UPDATE:  Jason Riley has one of his typically interesting pieces in the Wall Street Journal.  After recounting the exchange that I noted at the beginning of this post, Mr. Riley writes:

. . . In his book, "A Brief History of Crime: The Decline of Order, Justice and Liberty in England," Peter Hitchens cites a 2001 study that found "the use of handguns in crime rose by 40 percent in the two years after such weapons were banned in the U.K." The study is not an outlier. Joyce Lee Malcolm, the author of "Guns and Violence: The English Experience," reports that "armed robberies in London rose from 4 in 1954, when there were no controls on shotguns and double the number of licensed pistol owners, to 1,400 in 1981 and to 1,600 in 1991." She adds: "In 1998, a year after a ban on virtually all handguns, gun crime was up another 10 percent." . . .
UPDATE: Discussion on CNN International from December 18, 2012 where there were similar attacks on the data that I discuss above.

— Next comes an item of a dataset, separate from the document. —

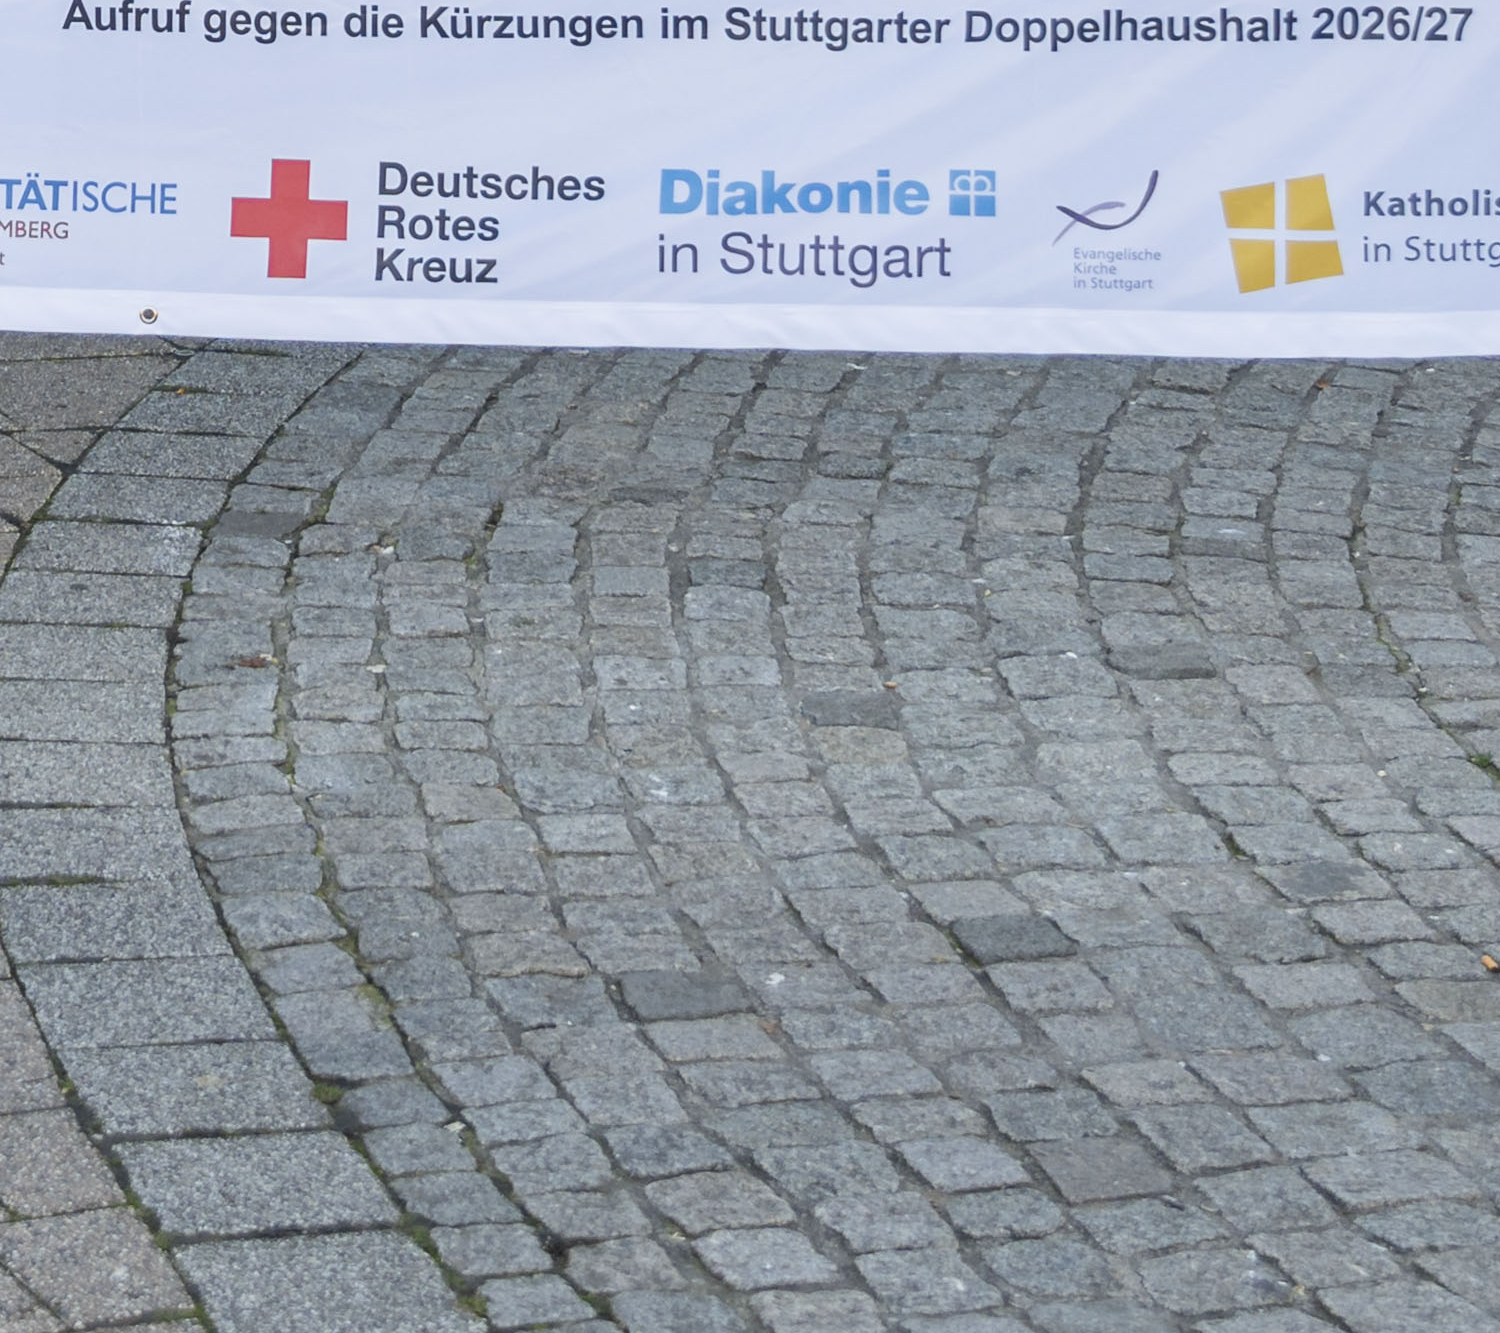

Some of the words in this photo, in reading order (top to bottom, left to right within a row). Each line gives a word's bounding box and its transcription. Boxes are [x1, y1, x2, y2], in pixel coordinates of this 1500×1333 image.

UPDATE2: Here is an amusing clip of Piers Morgan preaching about the importance of civil discourse (thanks to Breitbart TV).

UPDATE 3: After Piers had on conspiracy theorist Alex Jones last night.  What is amazing is how Piers called up Politico reporter Dylan Byers to complain that Jones demonstrated "vitriol, hatred, and zealotry [that] is really quite scary."


UPDATE 4:  There is a much more serious problem in comparing homicides in the US and England and Wales.  Homicides in England and Wales are adjusted based on the outcomes of trials.  This adjustment reduced the number of homicides in 1997 by about 12 percent.  There is no similar adjustment for the US data.



To compare conviction rates in the US and England and Wales, the Bureau of Justice Statistics has some numbers here (other related information is available here).